Wolf is having fun on stage.


The cover art of THE RISE OF THE CHAOS is, this time, something different. It’s not red “Laughs,” there are no photos used, and it’s strongly tied up with the album title. How did you end up on this album cover?

Wolf Hoffman: We wanted to get away from that, or it felt good to get away from it. So, we didn’t fall into it like too much of a category or like didn’t want it to be yet another one along those same lines, and it shouldn’t be red. We’ve had three red album covers in a row. So, we wanted to get away from that. We all like the title, THE RISE OF CHAOS, because it seems to fit the times we lived in. So, we knew we were going to name it THE RISE OF CHAOS. What do you do for cover art? You could choose a photo again. Like we were thinking about using a street riot photograph. With somebody with their face covered up throwing a rock or a Molotov cocktail or something like that, but maybe that didn’t feel right either. So, we finally found chemicals… We had the stage set design for the last tour by this guy, and we liked the stage, and everybody commented on it. We were happy with that, and we thought this would probably make a good album cover. Just let him change it a bit towards after the chaos, after the Godzilla attack, which became the album cover.

Most of the songs are about violence, wars, chaos, and stuff like the album lyrics. Accept is not a political band, but are these lyrics written that way because those seem to fit the times we lived in, as you said about the album title itself?

Wolf Hoffman: That’s what we felt. It was a good title to use because it seems like the rise of chaos is in the air right now. Now, even more than six months ago, when we decided on the album title, days go by, and you look at what’s happening in London with terrorist attacks, Trump’s situation in the US. I don’t know the situation in England or France or like in Syria. Fuck, there is chaos everywhere in the world. It seems to be up to date. The rise of chaos is now more current than ever.

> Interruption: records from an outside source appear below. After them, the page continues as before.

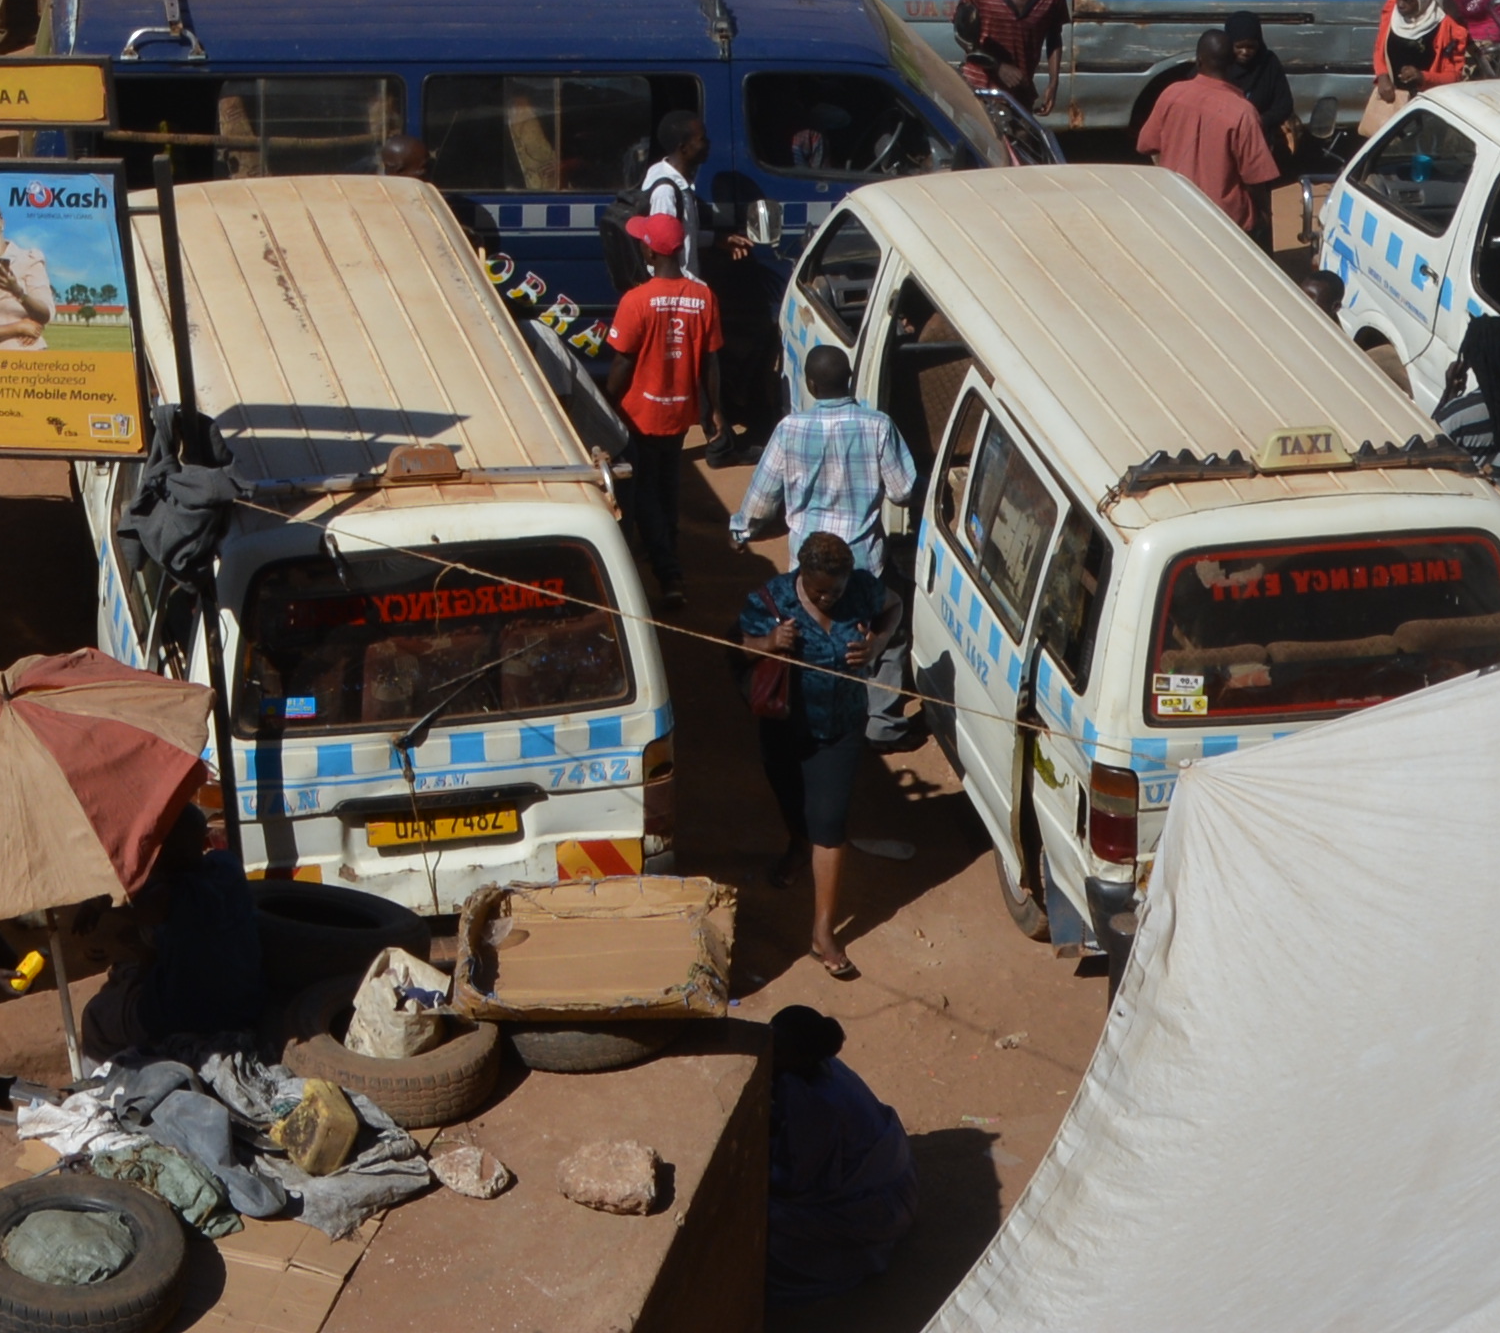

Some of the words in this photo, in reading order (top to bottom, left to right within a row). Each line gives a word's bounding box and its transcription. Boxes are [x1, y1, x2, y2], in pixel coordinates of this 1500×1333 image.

[16, 89, 30, 105] A
[10, 358, 73, 372] okutereka
[74, 360, 96, 372] oba
[22, 387, 69, 402] Mobile
[69, 389, 118, 404] Money.
[1275, 432, 1333, 457] TAXI
[395, 818, 437, 840] UAN
[450, 812, 504, 836] 748Z

Our time is running out, but please say something about the upcoming Accept/Wolf Hoffman show in the Wacken Open Air in August before we are finished. Does it sound like a huge thing?

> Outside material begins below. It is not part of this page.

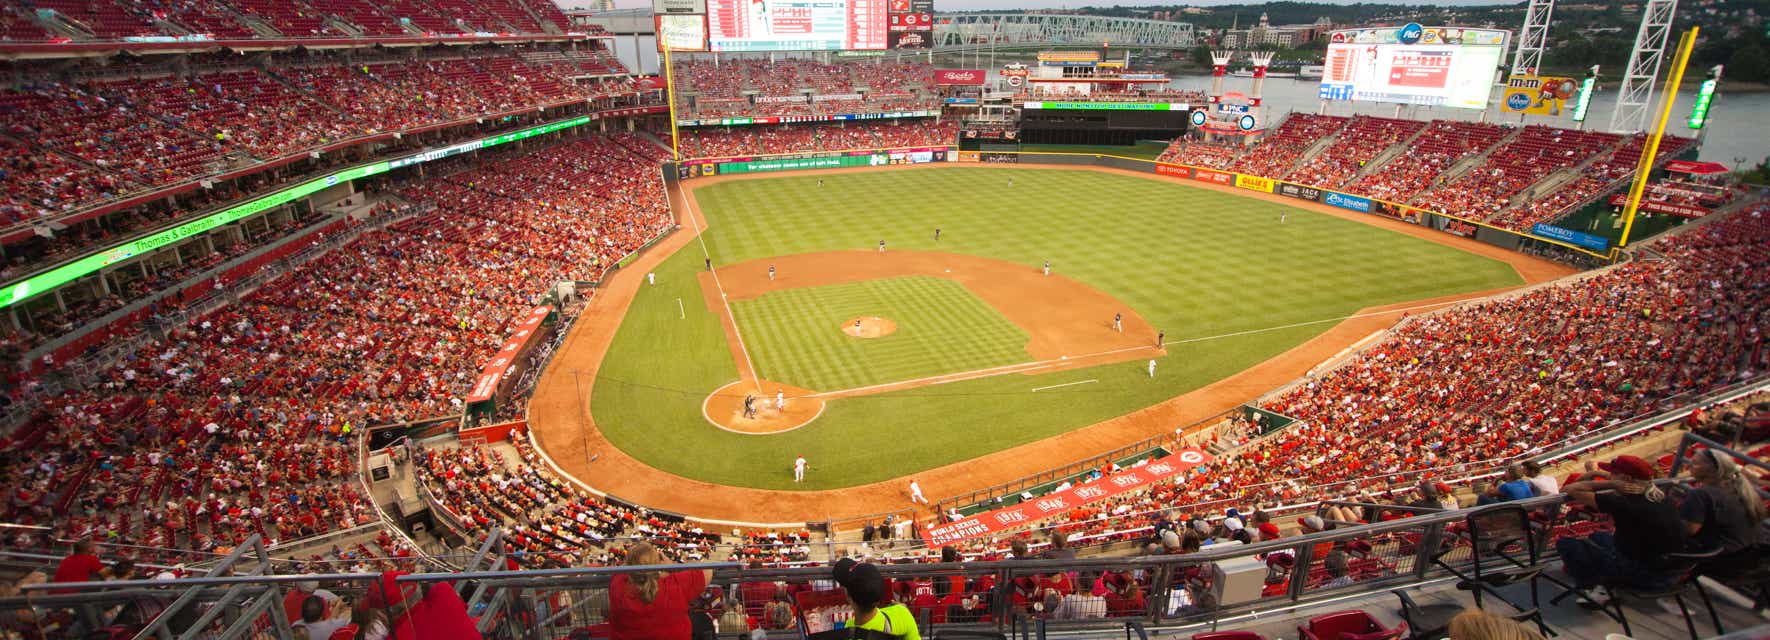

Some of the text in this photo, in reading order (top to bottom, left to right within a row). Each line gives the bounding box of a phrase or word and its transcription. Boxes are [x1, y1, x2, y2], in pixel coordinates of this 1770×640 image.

Wolf Hoffman: That’s going to be a huge deal. That show is making me slightly nervous because, of course, we’ve never played with an orchestra. We’re going to do three shows in one. First Accept, then I’m doing my solo album METAL SYMPHONY for the first time live on stage with an orchestra with minimal rehearsal. Then, the band performs with that same Orchestra, Czech National Symphony Orchestra, playing old Accept songs. So, it’s going to be three shows in one.

This smells like another Accept live album/DVD shortly?

Wolf Hoffman: Sony, yes. Probably going to be a DVD if everything goes well, and even if it doesn’t go so well, there is still going to be a DVD “Laughs.”

This was an excellent way to end this interview. Thank you once again, and see you again on tour!

Wolf Hoffman: You’re always welcome.